Return each entry below word for word, leaving out any image.
'''
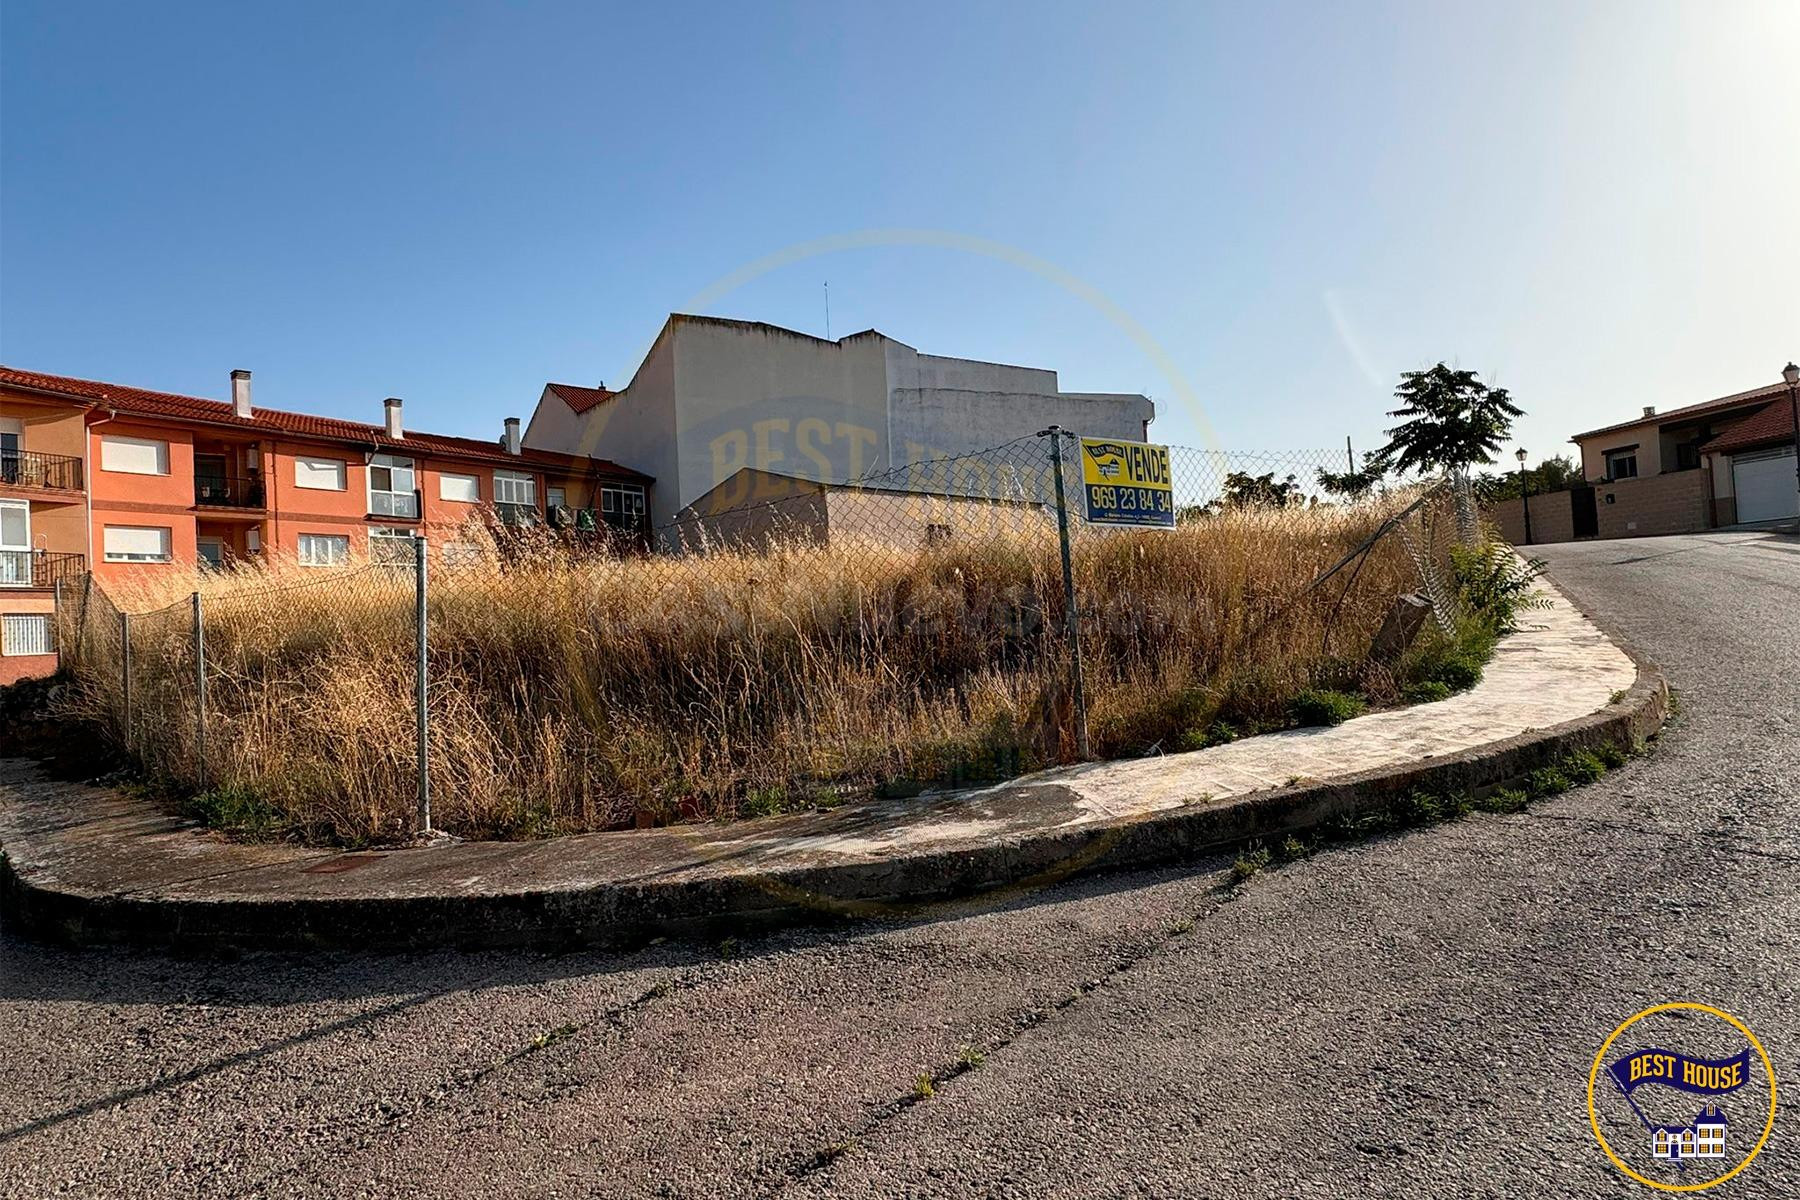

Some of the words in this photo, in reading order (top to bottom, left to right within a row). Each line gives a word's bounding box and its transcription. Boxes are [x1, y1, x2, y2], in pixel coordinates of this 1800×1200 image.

[1124, 445, 1169, 484] VENDE
[1092, 486, 1117, 509] 969
[1120, 488, 1136, 510] 23
[1139, 490, 1154, 511] 84
[1157, 491, 1172, 513] 34
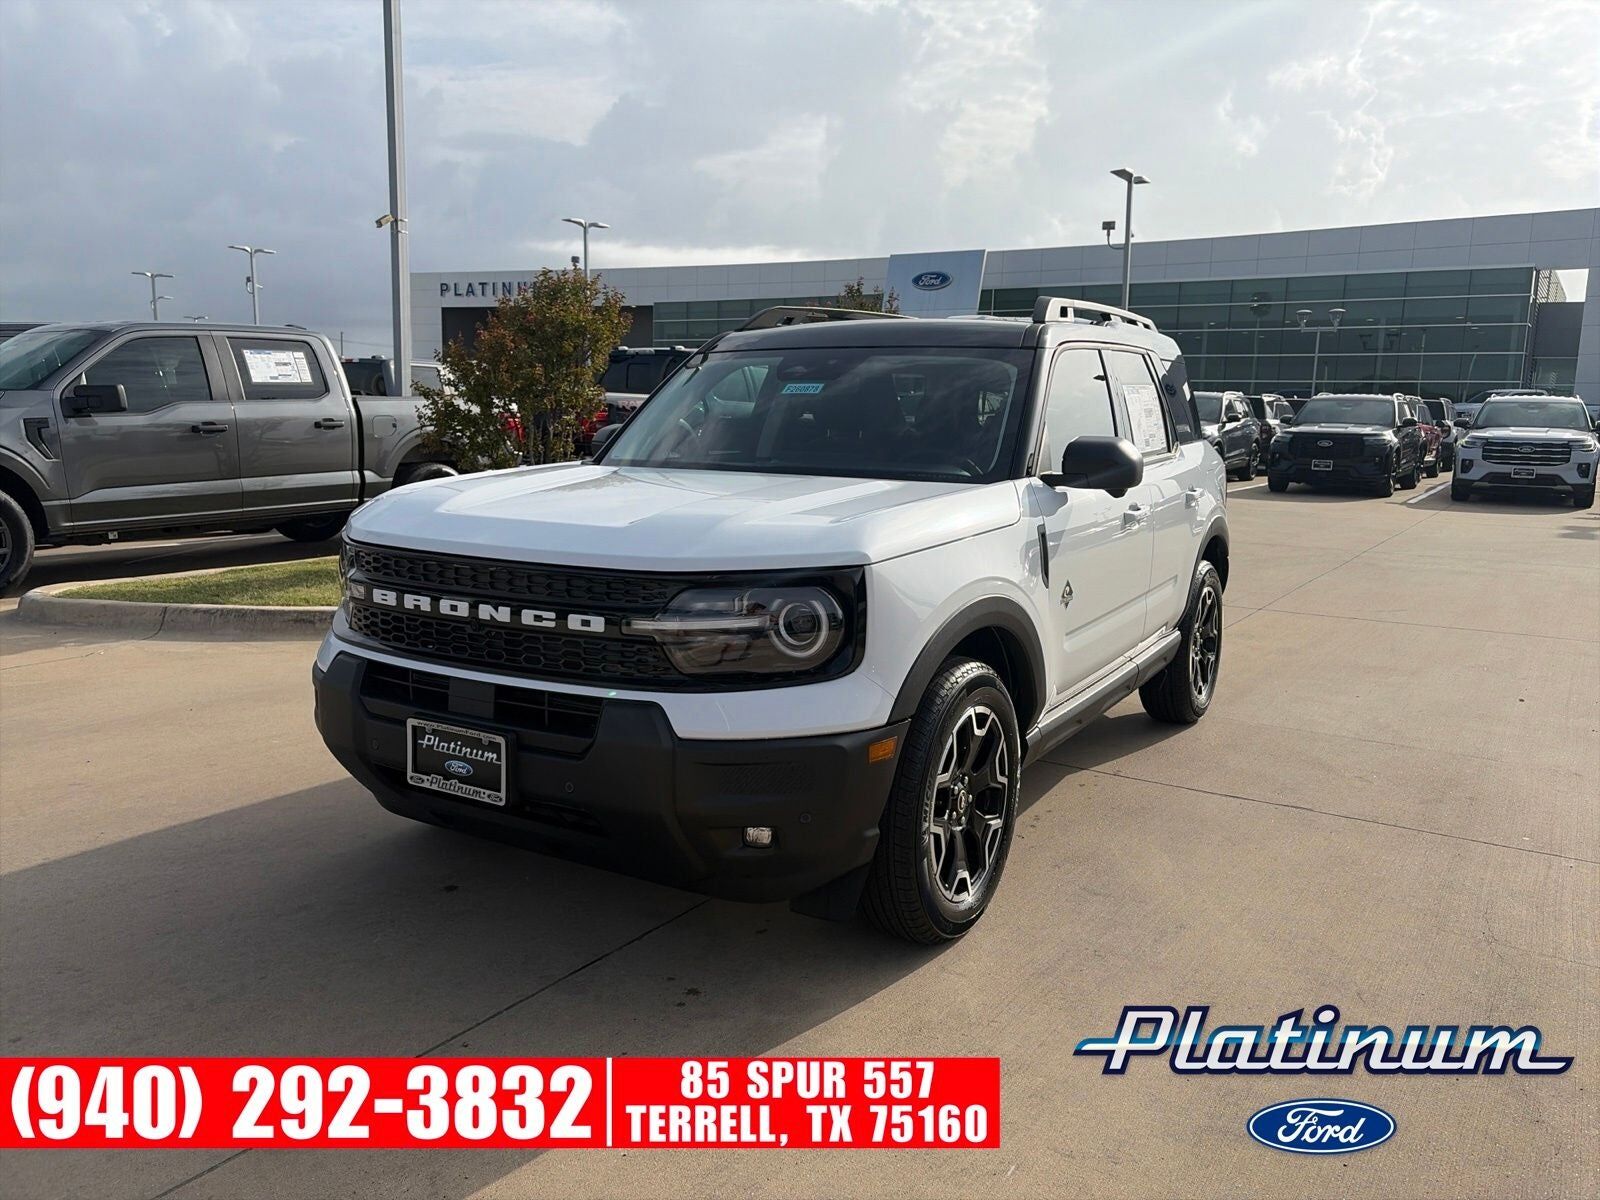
'''
_Output:_
Some of the words in this photo, in reading order (top to bottom, left to right within a row). Each line gives a word's bounding box and its transcription. Boxes are [x1, y1, x2, y2], in pixel coordinates of this 1800×1200 image.

[1124, 445, 1169, 484] VENDE
[1092, 486, 1117, 509] 969
[1120, 488, 1136, 510] 23
[1139, 490, 1154, 511] 84
[1157, 491, 1172, 513] 34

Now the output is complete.